Two SDPD officers approached Jesse Evans as he was standing among trees along the road in La Jolla. The officers accused him of urinating in public, although there was no evidence he had actually done so.
Evans walked away from the officers and told them to leave him alone, but the officers decided to drive their marked police pickup truck up the road to confront Evans.
“It’s up to you, I’m down for whatever!” one of the offices responded when his partner asked if they should engage Evans.
When one of the officers grabbed Evans in an attempt to detain him, Evans pulled away and again demanded to be left alone. The two officers grabbed Evans and the three of them fell to the ground.
The interactions turned into a wrestling match on the street when the officers used their fists to beat his face and body. The incident was captured on video by a motorists and posted on social media within minutes of the incident. Police later released videos from the officers’ body worn cameras, but no 911 calls were released.
Community leaders, including Reverend Shane Harris, President of People’s Association of Justice Advocates, called on the San Diego Police Department to releases police videos and 911 calls to thoroughly review the incident.
On May 25th, La Prensa San Diego Publisher Arturo Castañares filed a California Public Records Act (CPRA) request for any 911 calls related to the incident, and just two days later, the City denied the request after a decision was made to withhold any such calls and the request was closed.
“SDPD 911 Calls (Audio) – Withheld pursuant to Government Code sections 6254(f) & (f)(2); Haynie v. Superior Court, 26 Cal 4th 1061 (2001); and Government Code section 6255 [public interest in disclosure is outweighed by public interest in nondisclosure]. The person making the decision to withhold the records is Roxanne Cahill, Police Dispatch Administrator.”
The exemption claiming Section 6254(f) is a common defense used by public agencies to withhold documents or other public information but it only applies to elements created during an investigation, including reports, analysis, or other materials resulting from an investigation, not which existed before the incident.
In response to the general denial of the request, Castañares filed a lawsuit on May 28th to compel the release of any 911 calls being withheld, claiming that the City did not complete a “thorough search for responsive public records “, did not “produce all public records responsive to the CPRA request”, and “erroneously determined that an exemption applied to the responsive records”.
Before the City’s answer to the lawsuit was due, the City reopened the request and updated its response, this time claiming no such calls exist.
“The San Diego Police Department has determined that there are no 911 calls associated with the Evans incident therefore there are no responsive records to that portion of your request,” the City’s response read on June 29th.

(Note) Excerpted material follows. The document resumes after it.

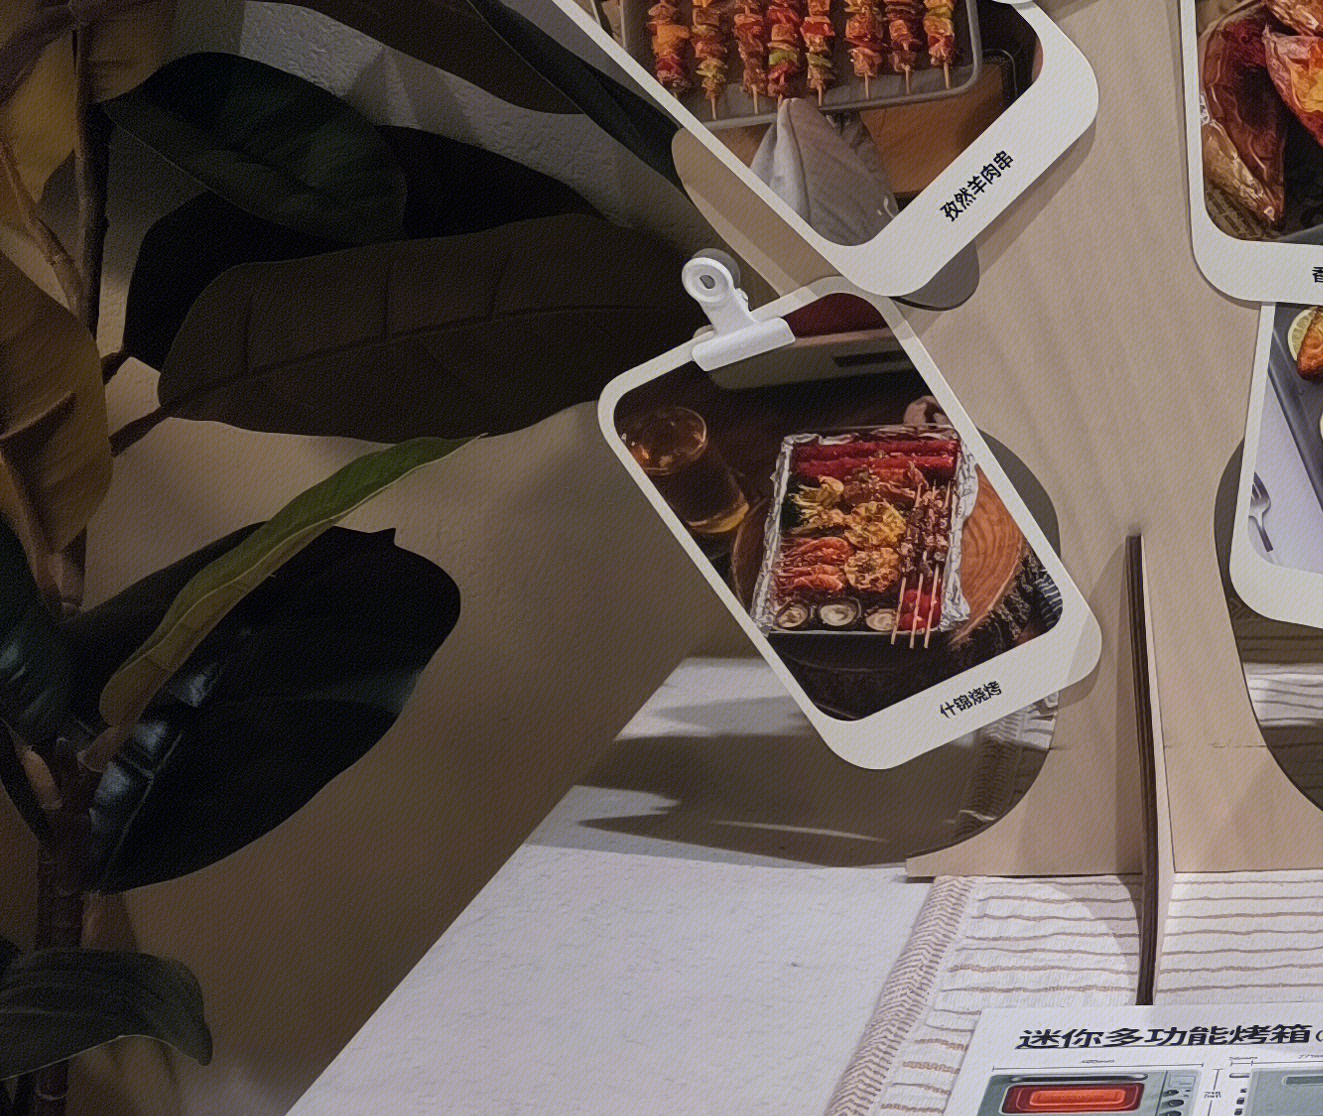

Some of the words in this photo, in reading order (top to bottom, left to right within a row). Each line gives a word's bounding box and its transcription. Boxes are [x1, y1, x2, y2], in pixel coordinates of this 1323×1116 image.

[939, 149, 1016, 222] 孜然羊肉串
[938, 679, 1003, 719] 什锦烧烤
[1015, 1024, 1314, 1051] 迷你多功能烤箱

A lawyer with the City Attorney’s office later contacted La Prensa San Diego’s attorney claiming the lawsuit is now “moot” but the case will continue as La Prensa seeks clarification as to why the initial response to withhold 911 calls was changed after the filing of the lawsuit to compel the release of the calls.
“This is the not the first time that the City has changed its response to one of our Public Records Act requests after we sued for compliance,” Castañares said. “I will continue to pursue these cases to enforce my constitutional rights to public records so that we can better inform our community,” he added.